Некоторые социологи доказывали, что в настоящее время городской житель балансирует на грани нестабильного равновесия: его здравый смысл способен рухнуть под весом последней капли, соломинки, как хребет пресловутого верблюда. Люди, свиньями гардаринскими копошащиеся и хрюкающие над обрывом, по утверждению социологов, это чувствуют и потому стараются по возможности избегать скопления себе подобных в чрезмерно переполненных городах. В таких странах, как Индия, от скученности никуда не деться: в городской среде смерть от голода наступает медленнее, поскольку тут люди ближе к пунктам раздачи рационированного продовольствия, к тому же порожденная недоеданием летаргия уменьшает трение и взрывы насилия, сводя его до спорадических вспышек. Но сравнительно хорошо питающееся население Америки и Европы может ввергнуться в хаос без предупреждения иного, нежели общее ощущение раздраженности, для снятия которой наши сограждане обычно носят при себе упаковку транков.

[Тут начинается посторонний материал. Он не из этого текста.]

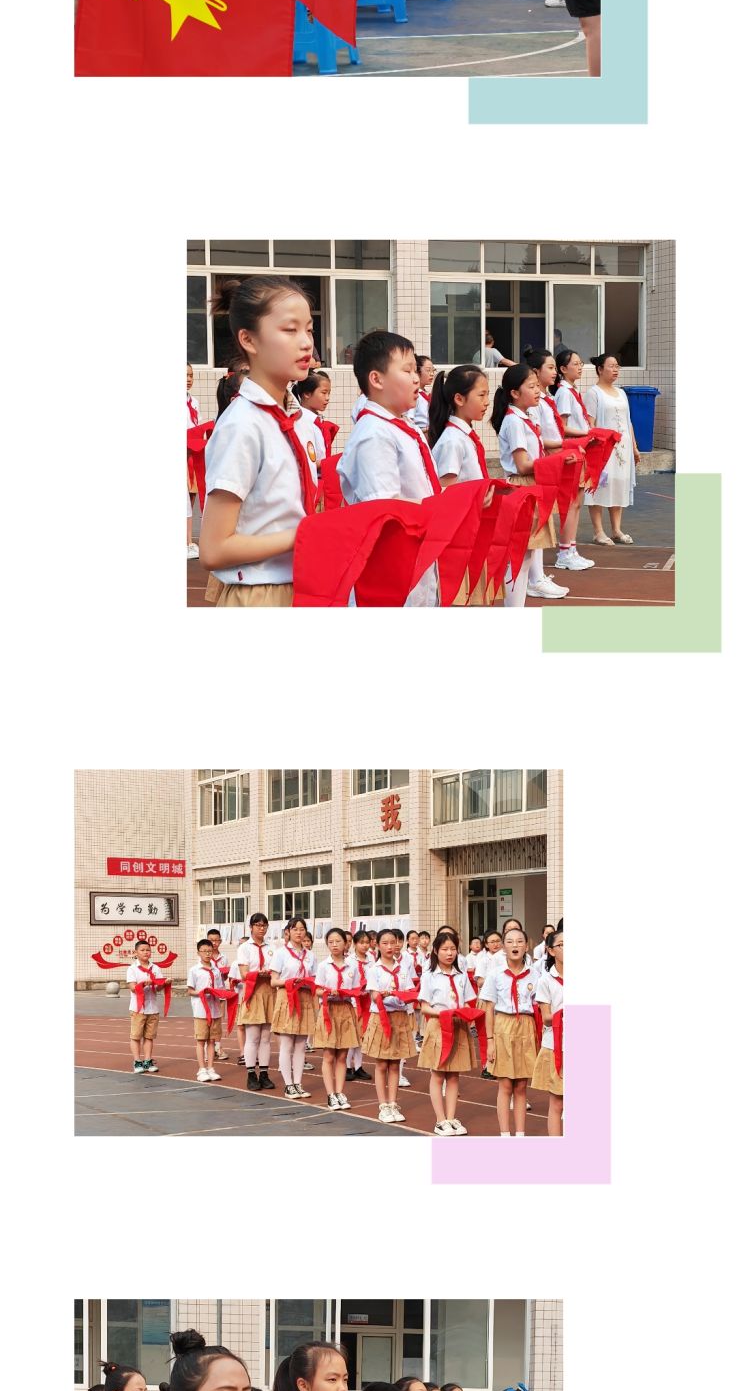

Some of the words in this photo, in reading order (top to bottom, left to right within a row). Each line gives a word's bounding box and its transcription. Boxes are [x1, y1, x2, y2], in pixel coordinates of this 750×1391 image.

[380, 793, 402, 832] 我
[120, 861, 184, 875] 同创文明城

Последняя связанная мысль, какую смог сформулировать Дональд, была о том, что одно дело читать о вероятности возникновения, совсем другое – смотреть, как эта вероятность воплощается в реальности.

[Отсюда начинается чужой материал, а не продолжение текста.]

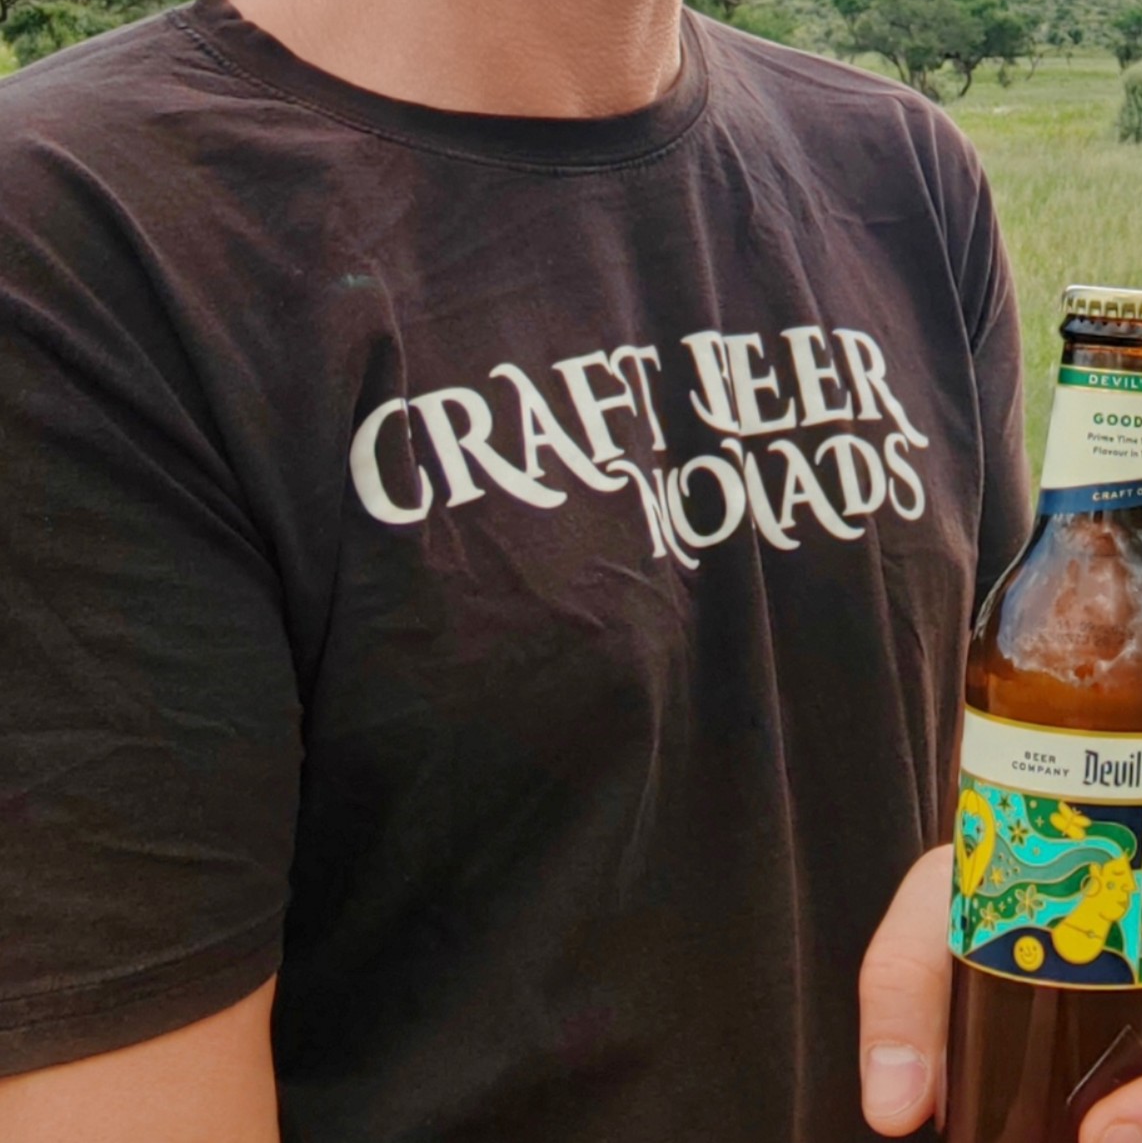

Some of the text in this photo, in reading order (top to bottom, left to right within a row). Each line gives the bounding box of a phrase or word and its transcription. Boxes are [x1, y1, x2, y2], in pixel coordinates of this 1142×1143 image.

[350, 344, 661, 524] CRAFT
[1092, 488, 1134, 502] CRAFT
[1024, 751, 1056, 764] BEER
[1011, 760, 1070, 778] COMPANY

Мир завертел Дональда, и он потерял себя.

НА АВАНСЦЕНЕ: патрульная машина.

Выкрашенный белым, трапециевидной формы бронемобиль тринадцати футов в длину и шести в ширину. Его колеса скрыты от попадания пуль под защитными подкрылками, в центре – плоская плита батареи, от которой работает мотор, в окнах передней части кабины – бронированное стекло, дополнительно защищенное поднимающимися и опускающимися решетками. В задней части кабины, предназначенной для перевозки арестованных и, в случае необходимости, раненых, – массивный металлический откидной борт, а также полозья для носилок и сопла подачи усыпляющего газа. На капоте – две фары белого света с охватом 150 градусов (одна сейчас разбита, так как водитель замешкался и не поднял вовремя защитный экран из проволочной сетки), по углам крыши – прожектора с регулируемым широкоизлучателем; еще на крыше вращается в небольшой башенке газовая пушка дальнобойностью в шестьдесят ярдов, выстреливающая гранаты, начиненные битым стеклом. Для использования только в экстренных случаях под юбкой капота – сопла подачи реактивного масла: им можно затопить прилегающие улицы озерцом огня, чтобы отразить любые атаки, пока сидящие в машине ждут помощи, дыша подаваемым в маски кислородом из встроенных в систему кондиционирования баллонов. Машину могут повредить мины, три последовательных попадания в корпус из ручного тазера, при условии, что удары придутся на расстоянии меньше двух дюймов друг от друга, или падение на нее стены здания, но все остальное, с чем она может столкнуться в ходе средней руки городских беспорядков, ей нипочем. Тем не менее мощности батареи не хватило, чтобы протаранить или оттолкнуть с дороги как брошенное такси, в котором автоматически включился и остался заблокированным до закрытия дверей ручной тормоз, так и фонарный столб, упавший ей поперек кормы, теперь он к тому же придавлен наваленным (с отчаянными усилиями и ругательствами) мусором на тумбу и надежно заякорен почтовым ящиком, надетым на сам фонарь.